THE DATA

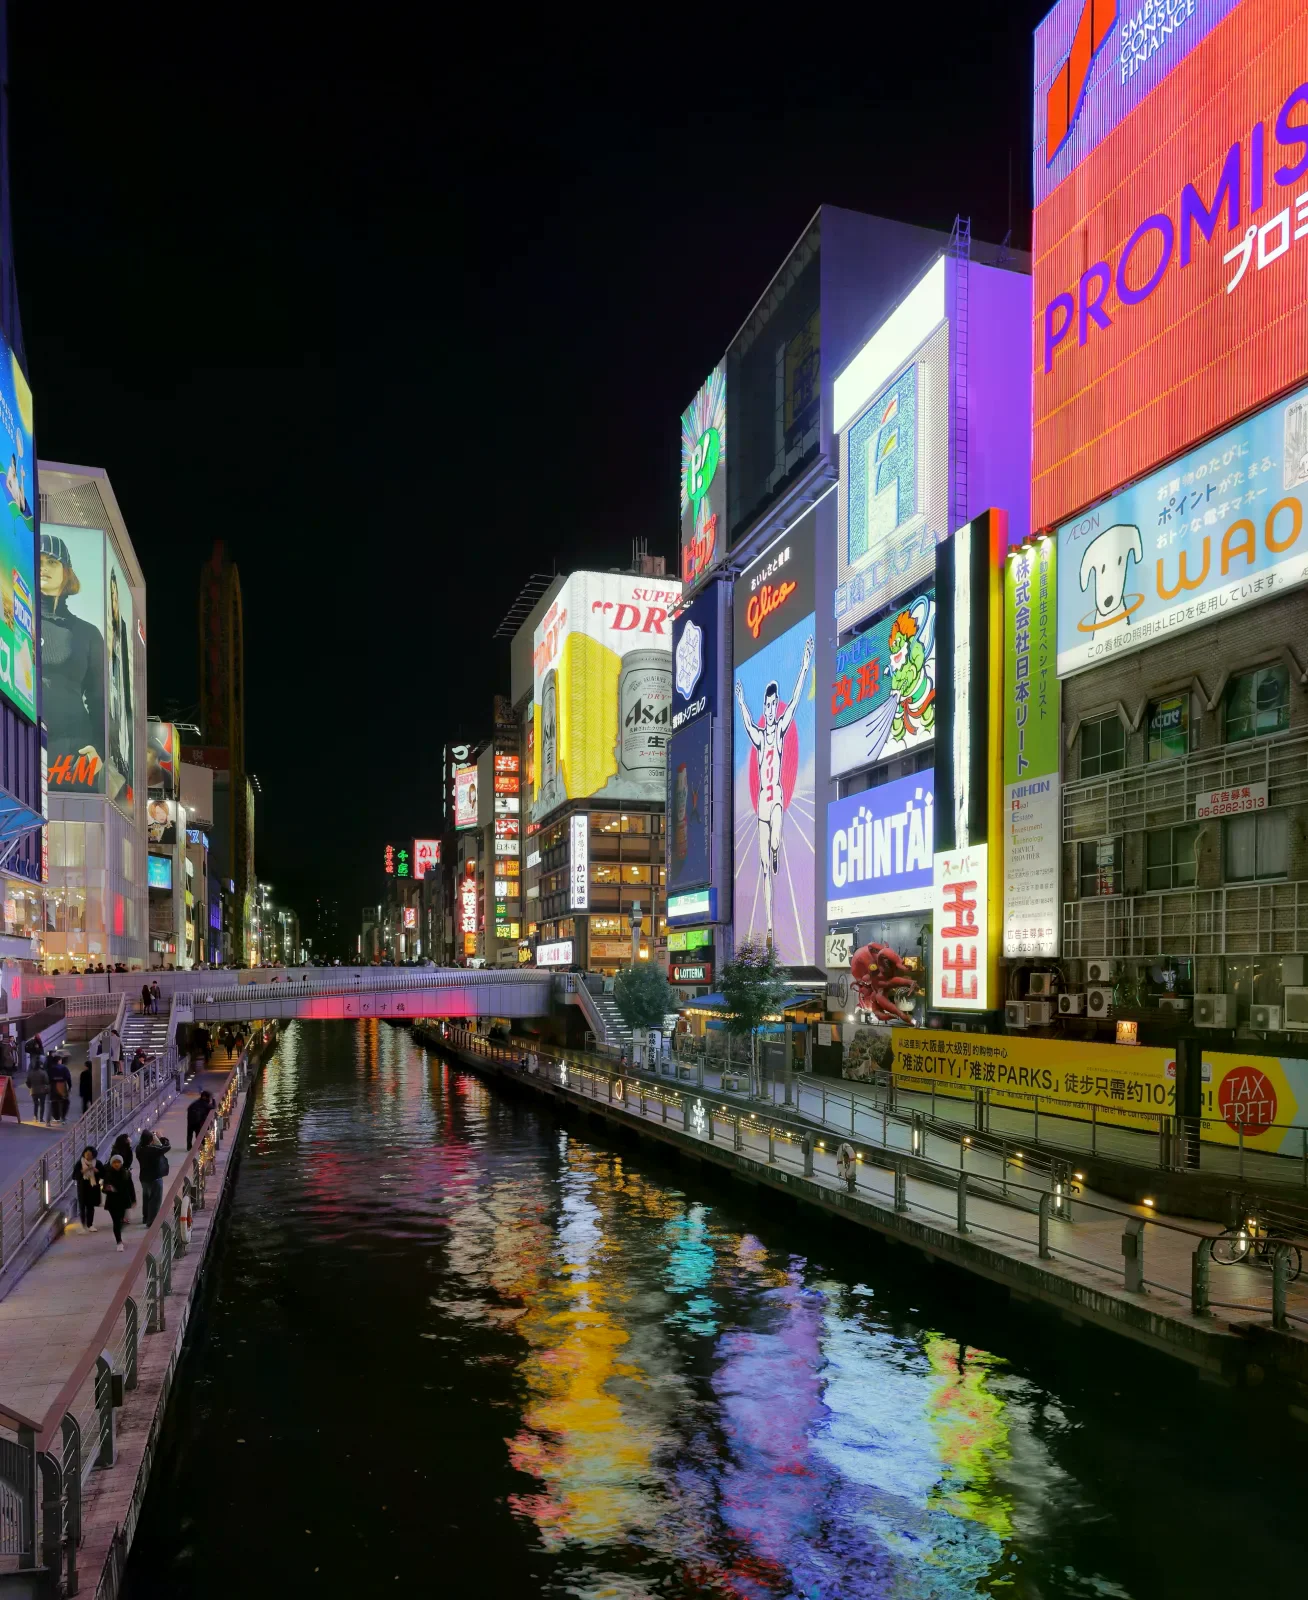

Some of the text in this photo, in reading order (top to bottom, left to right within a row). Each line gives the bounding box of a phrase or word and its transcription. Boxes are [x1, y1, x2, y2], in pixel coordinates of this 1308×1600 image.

[1121, 0, 1182, 63] CONSU
[1122, 0, 1163, 46] SMB
[1122, 0, 1196, 86] FINANCE
[1157, 441, 1249, 501] お買物のたびに
[1158, 456, 1277, 525] ポイントがたまる、
[1156, 486, 1268, 549] おトクな電子マネー
[1087, 573, 1284, 658] この看板の照明はLEDを使用しています。
[1038, 547, 1049, 721] 不動産再生のスペシャリスト
[1014, 556, 1030, 776] 株式会社日本リート
[831, 657, 881, 716] 改源
[647, 736, 665, 748] 生
[47, 753, 99, 787] H&M
[766, 747, 775, 802] グリコ
[1011, 780, 1050, 799] NIHON
[1210, 787, 1251, 804] 広告募集
[1011, 811, 1034, 823] Estate
[1198, 798, 1265, 818] 06-6262-1313
[832, 787, 934, 888] CHINTAI
[1011, 823, 1043, 835] Investment
[1011, 834, 1044, 846] Technology
[943, 854, 979, 879] スーパー
[941, 880, 980, 1000] 玉出
[1008, 928, 1053, 940] 広告主募集中
[680, 967, 704, 980] LOTTERIA
[1117, 1022, 1136, 1034] BAR
[1226, 1074, 1265, 1101] TAX
[1223, 1100, 1274, 1126] FREE!
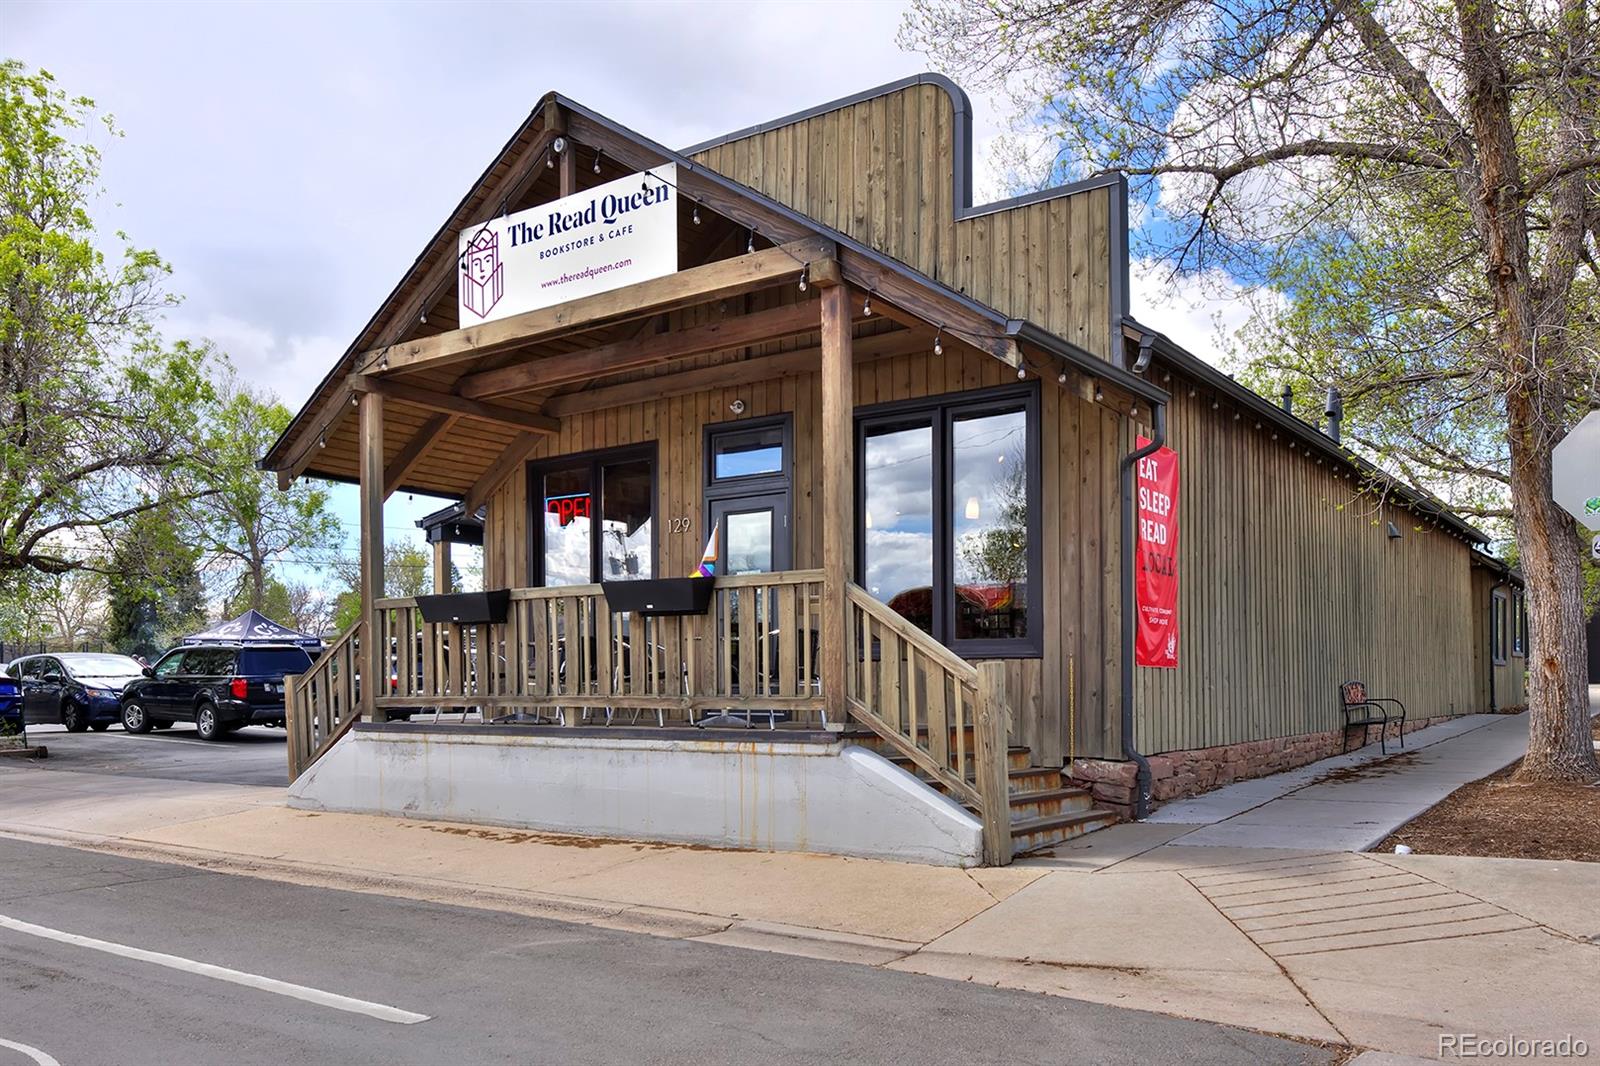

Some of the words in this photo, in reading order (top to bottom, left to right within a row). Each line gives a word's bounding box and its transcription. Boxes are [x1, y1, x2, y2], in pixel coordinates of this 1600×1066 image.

[507, 222, 544, 248] The
[548, 199, 597, 237] Read
[601, 184, 669, 225] Queen
[539, 235, 595, 260] BOOKSTORE
[598, 233, 605, 242] &
[608, 224, 633, 239] CAFE
[541, 258, 632, 289] www.thereadqueen.com
[1139, 456, 1158, 482] EAT
[1139, 486, 1171, 517] SLEEP
[668, 517, 690, 533] 129
[1140, 518, 1167, 545] READ
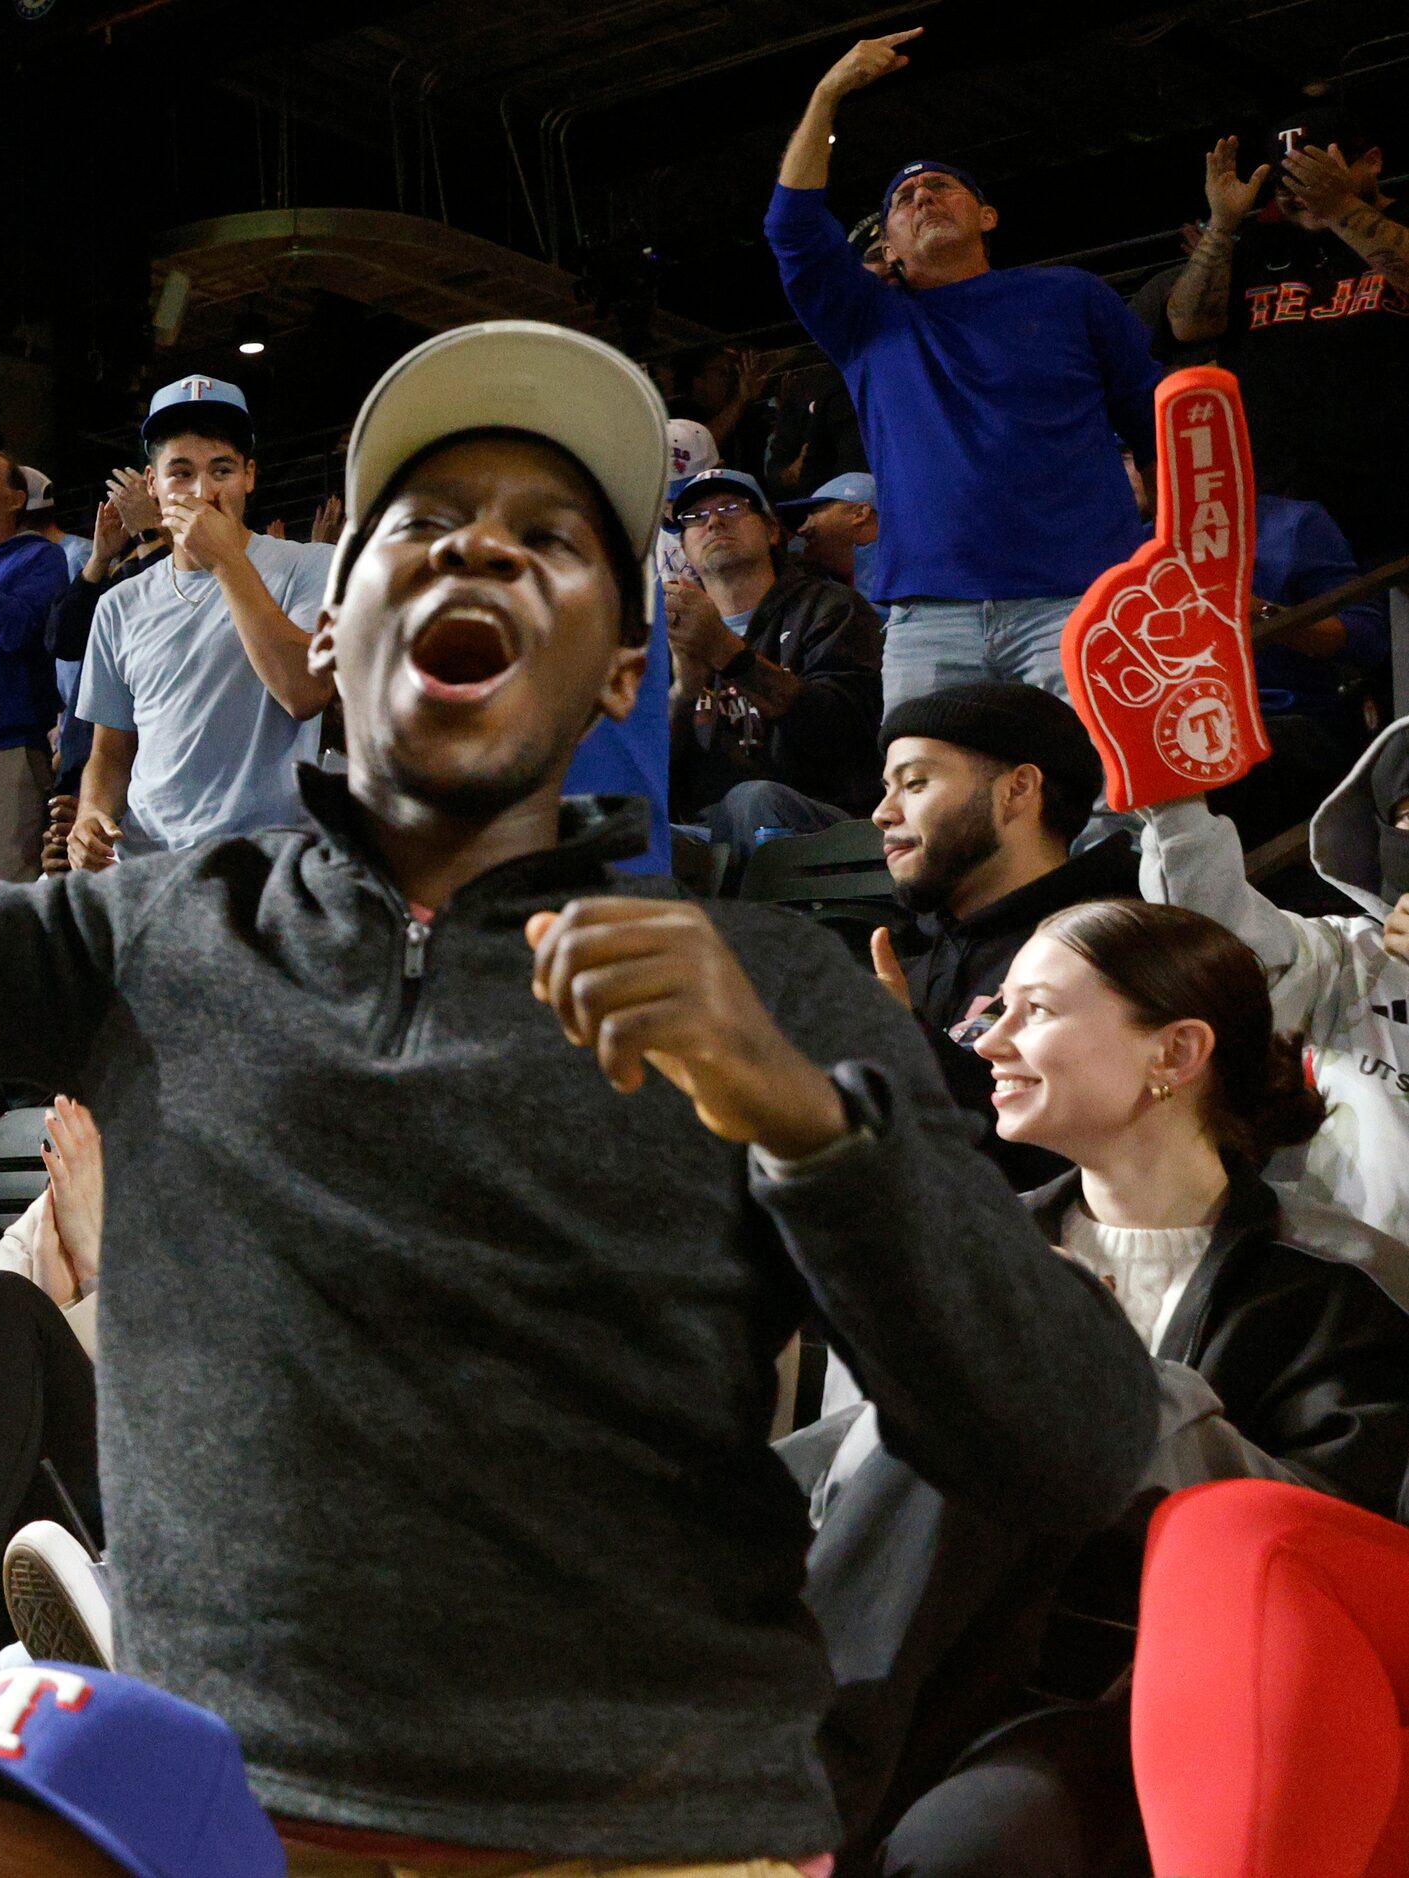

THE TASK
Transcribe the entries word for word, without their pictures.

OUTPUT FOR THIS EXERCISE
Some of the text in this photo, in reading order (top to bottom, left to right within a row). Each line gives the bounding box of a phrase or word and its transcription. Boxes are [x1, y1, x2, y2], in pixel coordinates of this 1308×1600 image.

[1121, 0, 1182, 63] CONSU
[1122, 0, 1163, 46] SMB
[1122, 0, 1196, 86] FINANCE
[1157, 441, 1249, 501] お買物のたびに
[1158, 456, 1277, 525] ポイントがたまる、
[1156, 486, 1268, 549] おトクな電子マネー
[1087, 573, 1284, 658] この看板の照明はLEDを使用しています。
[1038, 547, 1049, 721] 不動産再生のスペシャリスト
[1014, 556, 1030, 776] 株式会社日本リート
[831, 657, 881, 716] 改源
[647, 736, 665, 748] 生
[47, 753, 99, 787] H&M
[766, 747, 775, 802] グリコ
[1011, 780, 1050, 799] NIHON
[1210, 787, 1251, 804] 広告募集
[1011, 811, 1034, 823] Estate
[1198, 798, 1265, 818] 06-6262-1313
[832, 787, 934, 888] CHINTAI
[1011, 823, 1043, 835] Investment
[1011, 834, 1044, 846] Technology
[943, 854, 979, 879] スーパー
[941, 880, 980, 1000] 玉出
[1008, 928, 1053, 940] 広告主募集中
[680, 967, 704, 980] LOTTERIA
[1117, 1022, 1136, 1034] BAR
[1226, 1074, 1265, 1101] TAX
[1223, 1100, 1274, 1126] FREE!

Some of the words in this photo, in reading order (top to bottom, left to right within a row). Each line gives a word's bounding box and its transcription. Boxes are [x1, y1, x2, y2], in pixel coordinates of this 1600×1066 image.

[507, 222, 544, 248] The
[548, 199, 597, 237] Read
[601, 184, 669, 225] Queen
[539, 235, 595, 260] BOOKSTORE
[598, 233, 605, 242] &
[608, 224, 633, 239] CAFE
[541, 258, 632, 289] www.thereadqueen.com
[1139, 456, 1158, 482] EAT
[1139, 486, 1171, 517] SLEEP
[668, 517, 690, 533] 129
[1140, 518, 1167, 545] READ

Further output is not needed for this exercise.